- PROBLEM TO SOLVE -
Transcribe the records exactly from the line with "this 1280×1135 image." to the end, both included.

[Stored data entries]

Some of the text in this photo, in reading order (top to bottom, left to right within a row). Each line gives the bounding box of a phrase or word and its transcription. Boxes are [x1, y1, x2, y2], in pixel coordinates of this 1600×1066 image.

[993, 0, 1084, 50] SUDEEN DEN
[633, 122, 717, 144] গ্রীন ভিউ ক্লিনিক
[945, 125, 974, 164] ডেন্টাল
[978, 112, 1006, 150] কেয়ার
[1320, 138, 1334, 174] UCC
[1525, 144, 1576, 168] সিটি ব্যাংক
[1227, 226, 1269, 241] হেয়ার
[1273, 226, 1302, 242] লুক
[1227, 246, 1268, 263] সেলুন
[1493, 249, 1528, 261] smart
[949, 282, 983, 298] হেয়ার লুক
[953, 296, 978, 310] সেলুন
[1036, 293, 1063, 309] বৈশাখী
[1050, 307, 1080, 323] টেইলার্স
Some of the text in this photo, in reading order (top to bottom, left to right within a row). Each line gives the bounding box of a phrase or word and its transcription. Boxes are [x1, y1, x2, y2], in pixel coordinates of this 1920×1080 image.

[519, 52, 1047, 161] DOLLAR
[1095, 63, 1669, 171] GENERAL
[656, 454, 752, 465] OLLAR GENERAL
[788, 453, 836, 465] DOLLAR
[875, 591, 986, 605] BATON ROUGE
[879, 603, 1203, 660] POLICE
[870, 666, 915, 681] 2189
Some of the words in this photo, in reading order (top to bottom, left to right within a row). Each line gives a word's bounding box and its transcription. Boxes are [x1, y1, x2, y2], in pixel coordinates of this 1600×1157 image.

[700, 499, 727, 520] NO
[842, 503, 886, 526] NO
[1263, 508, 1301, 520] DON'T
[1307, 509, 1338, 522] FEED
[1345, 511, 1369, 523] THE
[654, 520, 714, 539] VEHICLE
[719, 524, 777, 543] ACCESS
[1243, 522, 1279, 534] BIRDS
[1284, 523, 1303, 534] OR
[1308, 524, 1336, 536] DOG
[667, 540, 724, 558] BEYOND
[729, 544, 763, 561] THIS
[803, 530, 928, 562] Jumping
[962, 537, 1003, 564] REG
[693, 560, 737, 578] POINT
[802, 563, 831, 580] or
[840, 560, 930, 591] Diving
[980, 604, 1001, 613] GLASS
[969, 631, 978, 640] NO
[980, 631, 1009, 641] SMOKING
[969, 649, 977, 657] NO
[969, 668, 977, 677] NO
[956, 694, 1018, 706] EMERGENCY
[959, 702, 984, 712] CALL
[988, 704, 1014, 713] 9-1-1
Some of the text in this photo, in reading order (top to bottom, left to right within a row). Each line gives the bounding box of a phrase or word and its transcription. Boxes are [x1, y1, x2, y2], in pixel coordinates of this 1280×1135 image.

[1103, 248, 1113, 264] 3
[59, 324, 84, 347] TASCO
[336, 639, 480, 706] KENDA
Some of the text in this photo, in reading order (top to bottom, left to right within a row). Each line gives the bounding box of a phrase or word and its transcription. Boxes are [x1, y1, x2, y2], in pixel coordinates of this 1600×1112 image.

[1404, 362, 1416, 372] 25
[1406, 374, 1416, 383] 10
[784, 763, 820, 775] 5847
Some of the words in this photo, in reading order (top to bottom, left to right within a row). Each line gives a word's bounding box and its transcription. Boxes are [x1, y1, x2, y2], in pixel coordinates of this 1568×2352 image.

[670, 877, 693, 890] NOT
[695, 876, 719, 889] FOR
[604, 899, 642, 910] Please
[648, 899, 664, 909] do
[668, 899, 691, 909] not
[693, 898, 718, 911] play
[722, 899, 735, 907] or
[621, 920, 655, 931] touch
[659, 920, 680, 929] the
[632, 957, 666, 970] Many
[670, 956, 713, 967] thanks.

- WRITTEN REPLY -
Some of the text in this photo, in reading order (top to bottom, left to right within a row). Each line gives the bounding box of a phrase or word and its transcription. Boxes are [x1, y1, x2, y2], in pixel coordinates of this 1280×1135 image.

[1103, 248, 1113, 264] 3
[59, 324, 84, 347] TASCO
[336, 639, 480, 706] KENDA
Some of the text in this photo, in reading order (top to bottom, left to right within a row). Each line gives the bounding box of a phrase or word and its transcription. Boxes are [x1, y1, x2, y2], in pixel coordinates of this 1600×1112 image.

[1404, 362, 1416, 372] 25
[1406, 374, 1416, 383] 10
[784, 763, 820, 775] 5847
Some of the words in this photo, in reading order (top to bottom, left to right within a row). Each line gives a word's bounding box and its transcription. Boxes are [x1, y1, x2, y2], in pixel coordinates of this 1568×2352 image.

[670, 877, 693, 890] NOT
[695, 876, 719, 889] FOR
[604, 899, 642, 910] Please
[648, 899, 664, 909] do
[668, 899, 691, 909] not
[693, 898, 718, 911] play
[722, 899, 735, 907] or
[621, 920, 655, 931] touch
[659, 920, 680, 929] the
[632, 957, 666, 970] Many
[670, 956, 713, 967] thanks.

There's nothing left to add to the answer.